With reference to the Current Report No. 28/2019 dated 25 October 2019 of Cyfrowy Polsat S.A. (the “Issuer”, the “Company”), the Management Board of the Issuer hereby informs that as a result of conducted negotiations on 25 October 2019 the Issuer concluded a Joint Venture Agreement with Discovery Communications Europe Limited (“Discovery”) and TVN S.A. (“TVN”) (the “JV Agreement”) regarding the implementation of a joint venture involving the establishment of a special purpose vehicle to launch an OTT streaming platform offering content to Polish customers, with an intention to later expand into other countries as the parties may agree (the “OTT Platform”) (the “Project”).
The JV Agreement stipulates the principles of establishing and functioning of the special purpose vehicle operating the OTT Platform (the “SPV”), covering such areas as corporate governance of the SPV, the principles of financing the operations of the SPV, the principles of licensing, purchases and creation of content for the purpose of the Project, as well as includes provisions regarding a joint notification to the competent antimonopoly authority in relation to the implementation of the Project.
According to the JV Agreement, the Issuer will ultimately hold 50% of shares in the SPV and provide financing to the SPV on a 50:50 basis in the form of share capital increase and shareholder loans. The initial financing to be provided to the SPV by the Issuer and Discovery is capped at PLN 30 million for each party separately. Each of the Issuer and Discovery also committed to provide additional financing in such amounts as the Issuer and Discovery may agree at a later stage. The Issuer or its group companies will also conclude ancillary agreements, including license agreements, related to the Project, with other parties to the JV Agreement or their group companies.
The SPV will be jointly controlled by the Issuer and Discovery. According to the assumptions adopted by the parties to the JV Agreement, the SPV should be a financially and operationally independent business venture.
At the current stage of the Project the SPV has been established by the Issuer, however it will engage in operating activity and Discovery will acquire and take up its shares only after the relevant antimonopoly consent is obtained. Also at a later stage Discovery will also be required to make a statement on the absence of obstacles to the implementation of the Project.
The OTT Platform operated by the SPV will provide the viewers with access to, among others, movies, series, documentaries, sports and entertainment shows. The OTT Platform will offer content produced by the parties to the JV Agreement, purchased from third party producers or produced by the SPV. The OTT Platform will operate both in the advertising-funded model (AVOD) and, at a later stage, also in the paid model (SVOD/TVOD).

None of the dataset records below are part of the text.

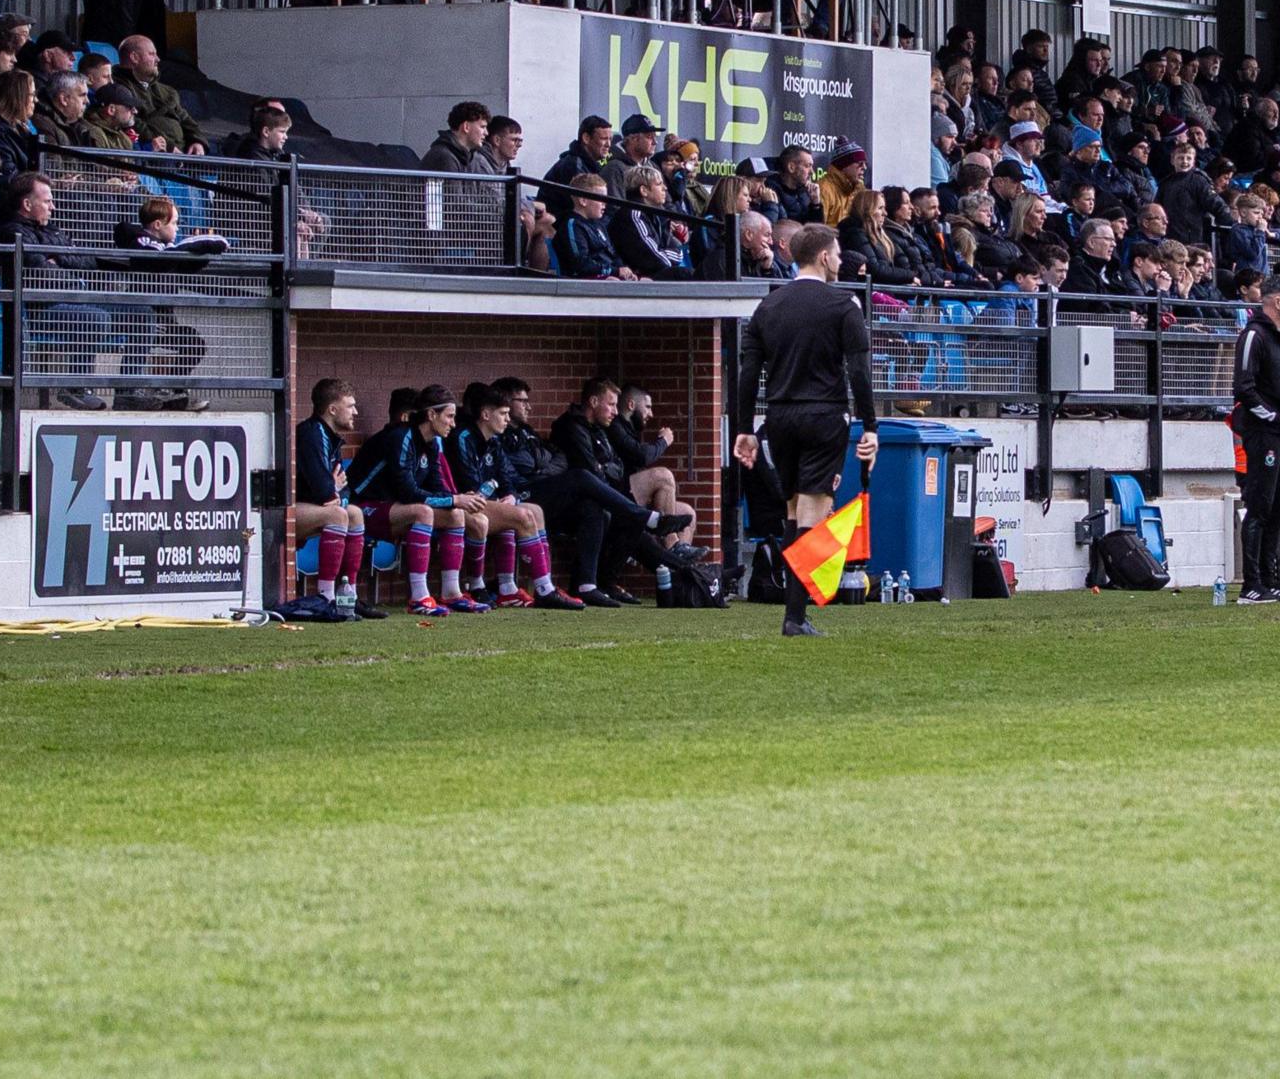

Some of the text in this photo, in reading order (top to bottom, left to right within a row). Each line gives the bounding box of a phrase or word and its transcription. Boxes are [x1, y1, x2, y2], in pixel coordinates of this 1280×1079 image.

[608, 34, 770, 146] KHS
[783, 70, 854, 100] khsgroup.co.uk
[783, 131, 827, 153] 01492 516
[104, 439, 241, 502] HAFOD
[1001, 444, 1019, 474] Ltd
[994, 486, 1021, 504] Solutions
[102, 510, 241, 532] ELECTRICAL & SECURITY
[157, 544, 241, 567] 07881 348960
[156, 569, 241, 584] info@hafodelectrical.co.uk
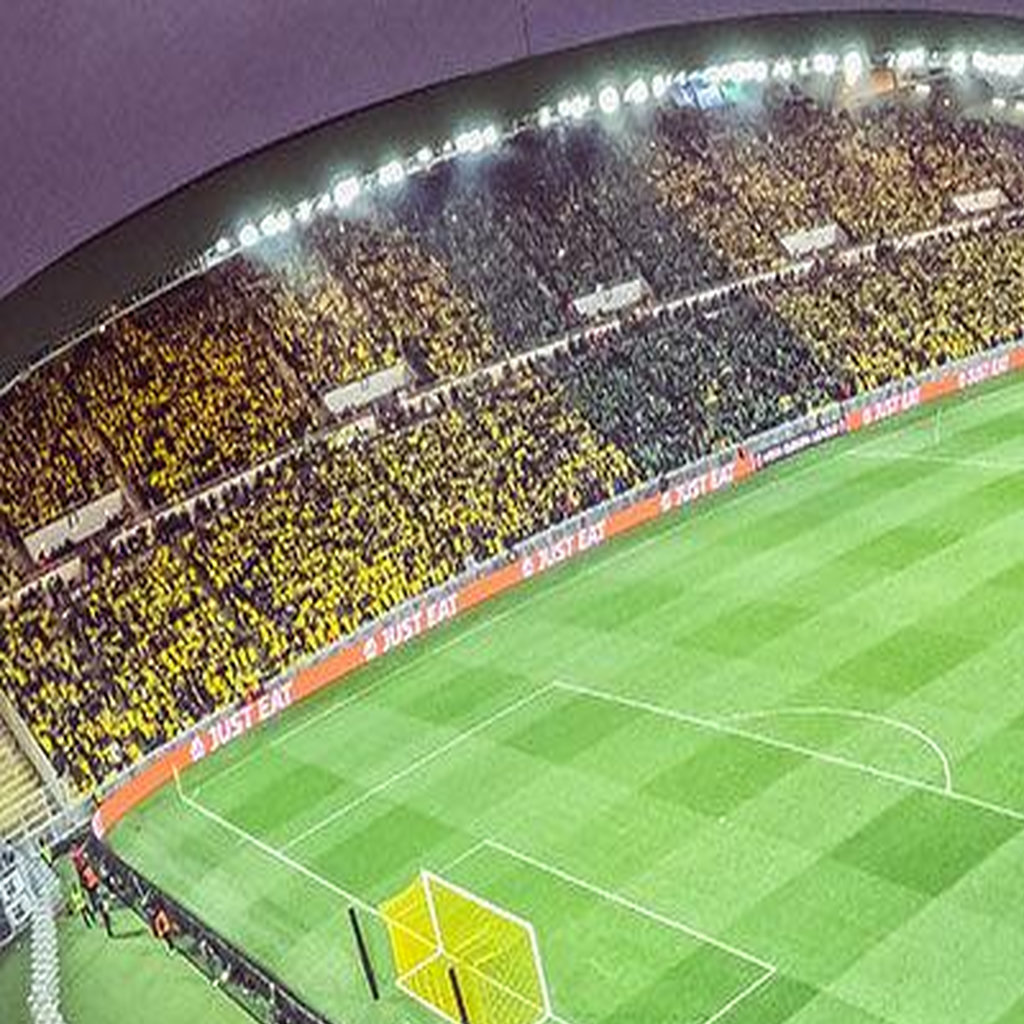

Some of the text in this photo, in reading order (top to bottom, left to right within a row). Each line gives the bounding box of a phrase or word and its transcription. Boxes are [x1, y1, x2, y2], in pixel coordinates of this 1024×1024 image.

[674, 462, 735, 506] JUST EAT
[539, 518, 606, 570] JUST EAT
[381, 594, 458, 652] JUST EAT
[207, 684, 294, 752] JUST EAT

When the SPV commences its full operating activity, the parties to the JV Agreement will become subjected to certain restrictions with respect to the distribution of selected content categories to selected entities other than the SPV.
Also, according to the JV Agreement, its parties may dispose of their shares in the SPV (together with their rights related to the shareholder loans granted to the SPV) only (i) within their respective capital groups, (ii) to the other party to the JV Agreement or to third parties but only upon receiving consent of the other party to the JV Agreement; or (iii) after the lapse of five years from the date of implementation of the JV Agreement – to any entity, subject to the right to indicate alternative purchaser and the right of first refusal of the other party to the JV Agreement.
The JV Agreement also contains provisions which enable compulsory squeeze-out of other parties to the JV Agreement in the event of their default under the JV Agreement or a change of control over those parties, on the terms and in accordance with the conditions set out in the JV Agreement.
The Issuer will report on further steps in the course of implementation of the Project in separate current reports.
Legal basis: Article 17 Section 1 of the Regulation (EU) No 596/2014 of the European Parliament and of the Council of 16 April 2014 on market abuse (market abuse regulation) and repealing Directive 2003/6/EC of the European Parliament and of the Council and Commission Directives 2003/124/EC, 2003/125/EC and 2004/72/EC.